Son bir yıl içinde Konya, Bursa, Antalya, İstanbul (Vodafone Arena), Sivas ve Eskişehir’de yeni stadyumlar hizmete açıldı. Şimdi Gaziantep, Sakarya, Kocaeli, Samsun sırada bekliyor. Bunlar çok önemli gelişmeler. Bu yatırımlar seyircinin de statlara gelmesine hayati derecede katkı yapacak çünkü daha konforlu şekilde maç izlemek mümkün olacak.
Yine son 10 yıllık döneme bakarsak sadece futbolda bir UEFA Şampiyonlar Ligi, bir UEFA Kupası Finali, FIFA U-20 Dünya Şampiyonası ve UEFA Avrupa U-19 Kadınlar Şampiyonası’na ev sahipliği yaptık. Bunlar küçümsenmeyecek organizasyonlar. Türk insanının organizasyon becerisinin kanıtlandığı uluslararası etkinlikler. Tabii tesisler arttıkça ev sahipliği şansımız da bir o kadar yüksek olacak.

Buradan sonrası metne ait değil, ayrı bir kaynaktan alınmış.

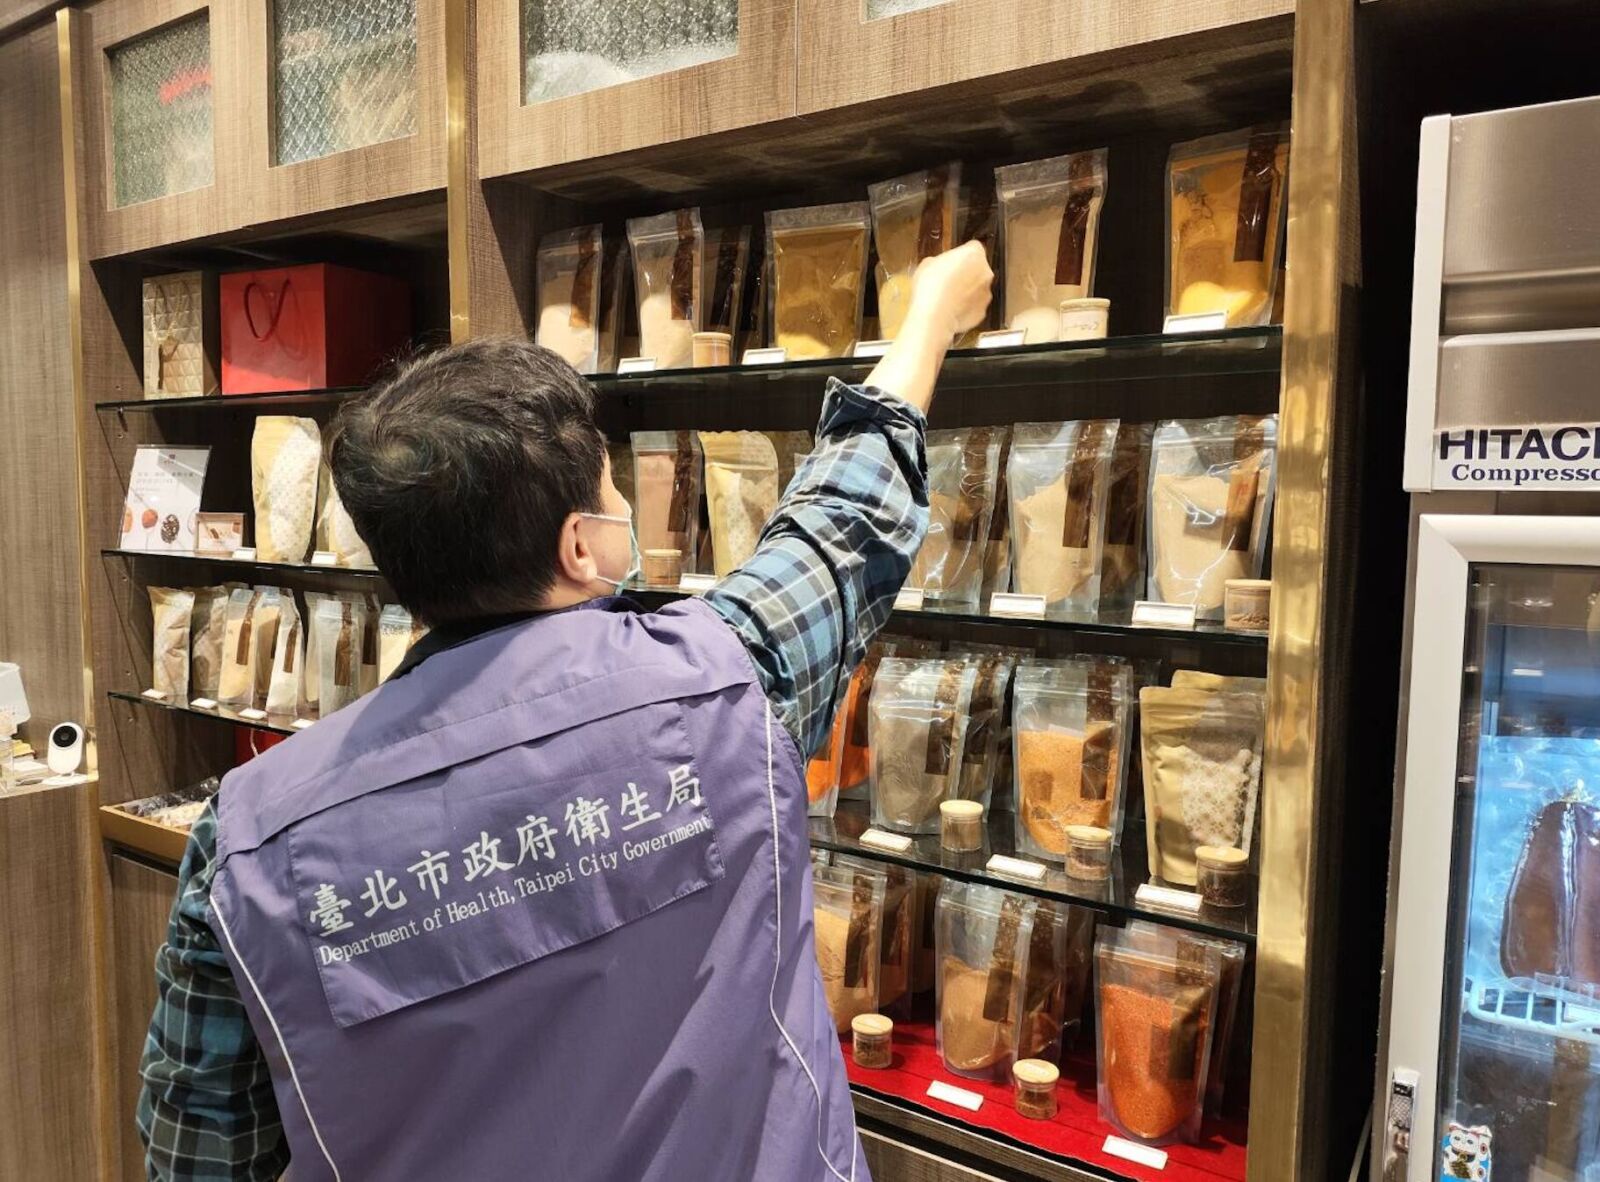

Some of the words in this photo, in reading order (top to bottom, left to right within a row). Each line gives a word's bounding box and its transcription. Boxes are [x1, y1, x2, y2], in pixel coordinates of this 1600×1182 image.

Yaşadığımız terör olayları Milli Takımımızı nasıl etkiliyor?
Bu coğrafyada doğup büyümüş her bireyi nasıl etkiliyorsa bizleri de öyle etkiliyor, yaralıyor. Sonuçta bizler sadece bu ülkenin vatandaşları değiliz, onları uluslararası arenada temsil etme sorumluluğu olan profesyonelleriz. Böylesine bir sorumluluk, ülkemiz insanlarına sadece başarıyı değil, gururu da yaşatmayı gerektiriyor ve biz bunun farkındayız. Geçtiğimiz Ekim ayında Ankara Garı’nda yaşanan terör saldırısında Milli Takım kampındaydık. Orada hissettiğimiz acıyı, yüzlerimizdeki ifadeyi, ruhlarımızdaki yarayı tarif edebilmem mümkün değil.
Ömrümüz boyunca gördüğümüz tek şey ay-yıldız oldu. Ne ay-yıldızı terk ederiz, ne de yere düşmesine izin veririz. Birlik ve bütünlüğümüze dönük tehditlere karşı omuz omuza vermeliyiz. Allah hepimizin acısını hafifletsin.
Türk gençleri ve üniversite öğrencilerine ne gibi tavsiyelerde bulunabilirsiniz?
Herkesin kim olduğunu bilmesini ve neler yapabileceğini görüp anlayabilmesini tavsiye edebilirim. Nereye gideceğini, ne istediğini ve neler yapabileceğini bilen biri için yol haritası da, gideceği araçlar da, yolda karşılaşacağı sıkıntılar da bellidir. Kendine inanan biri için de tüm süreç daha kolay işler.
Diğer yandan son derece standart hareketler var önerebileceğim. Mesela mutlaka yaptığınız bir spor olsun. Böylece, kötü alışkanlıklardan uzak duracak ve kendinizi daha mutlu hissedeceksiniz. Vakit buldukça ve mali durumunuz el verdiğince seyahat edin ve yabancı kültürleri tanıyın. En az bir tane yabancı dili iyi derece konuşup yazabilin. Asla “yerel” kalmayın! Kendinize inanmaktan vazgeçmeyin.